The Graduate


Did anybody read the Charles Webb ‘61 article from two days ago? If so, how could you resist commenting on this part.

Although - to his considerable regret - Webb was never seduced by an older woman, Benjamin in The Graduate was pretty much a self-portrait: same background, same gaucheness, same disillusion with parental values.

Over the decades, Webb has become used to hearing people speculate - often authoritatively - about whom Mrs Robinson was based on.

In fact, she had a pretty hazy genesis. Although Webb’s own mother-in-law might seem the obvious candidate, she couldn’t stand him, regarding him as a quite unsuitable partner for her daughter.

However, there was one occasion when he passed the open door of her bathroom and saw her naked, stepping out of the shower. Webb insists that he wasn’t in the least aroused, but suspects the incident may have flicked a switch somewhere inside him.

Her name, meanwhile, came from a classmate in college whom Webb hardly knew. In adulthood, he met up with the classmate again, and learnt that the boy’s mother had been going around for years proudly claiming - with some justification - to be the real Mrs Robinson.

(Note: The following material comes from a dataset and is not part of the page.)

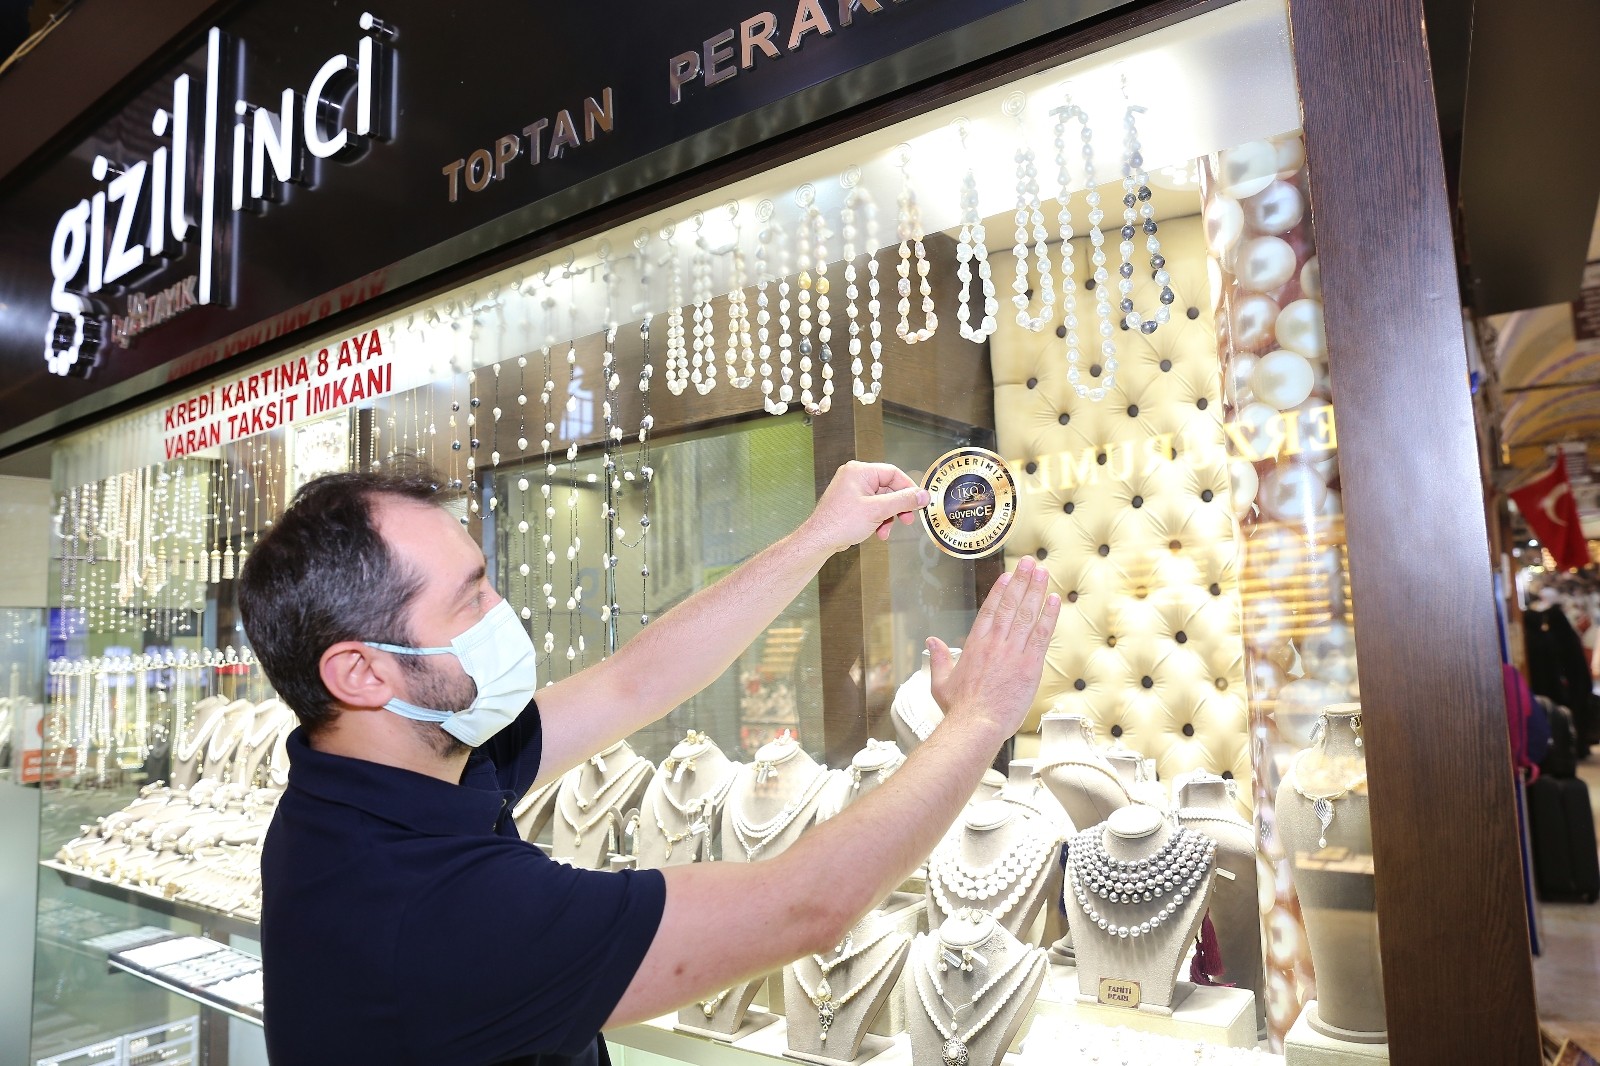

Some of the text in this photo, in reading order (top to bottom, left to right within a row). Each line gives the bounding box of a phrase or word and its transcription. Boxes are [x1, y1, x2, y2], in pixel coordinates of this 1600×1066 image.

Mrs. Robinson was an Eph Mom! (I do not think that she is the commentator who goes by “ephmom” in these parts.) Perfect. And the “self-portrait” description means we can conclude that Benjamin Braddock (the Dustin Hoffman character) attended Williams. Too bad we could never confirm that he wears a Williams tie in the opening montage.

An update on Charles Webb ‘61, author of The Graduate. (Hat tip Newmark’s Door.)

It has taken Charles Webb 40 years to write a sequel to ‘The Graduate’. He made no money from the film, has sunk into the deepest poverty and now lives in a hotel in Eastbourne. ‘I wouldn’t have had it any other way,’ he tells John Preston

Sometime in the mid-1970s, several years after he wrote The Graduate and gave away all his possessions, Charles Webb was working as a clerk in a branch of Kmart.

One day he noticed that there was a new product on the shelves, designed to help children become potty-trained.

It was called The Graduate.

‘I think that’s when I realised this thing was never going to waft away into the distance.

“Although the film wasn’t my hit, my whole life has been measured by it.

“I’ve no idea how life would have turned out had it not been for this phenomenon, but everything would have been very different. That’s for sure.’

Read the whole thing.

Is this claim from Wikipedia correct?

Benjamin Braddock, the main character of the The Graduate, is widely believed to have attended Williams College. In the opening sequence of the movie, Dustin Hoffman playing Benjamin Braddock, is wearing a Williams College tie.

Most agree that Braddock attended Williams. The author of the book on which the movie was based was Charles Webb ‘61. The book begins “Benjamin Braddock graduated from a small Eastern college on a day in June.” The number of small Eastern colleges with June graduations is not large.

But is Hoffman wearing a Williams tie in the movie? I don’t remember that. If so, we need a picture! Or, better, a video. Please help us, loyal readers.

Geoff Hutchinson ‘99 notes that:

In the 1967 movie, The Graduate, Dustin Hoffman receives the one-word advice “Plastics.” If Hollywood were to remake the movie right now, chances are that one word would be the hot buzzword “Nano” as in “nanotechnology” or “nanoscience.”

All good Ephs know that Charles Webb ‘61 is the author of the book that the movie was based on. We also like to believe that Dustin Hoffman’s character went to Williams, although that is never stated (nor contradicted) in the movie.

Yet, for me, the 2005 version of “plastics” is definitely “statistics.” Learn statistics, young Ephs. Doing so will serve you well in more careers than any other single topic taught at Williams today.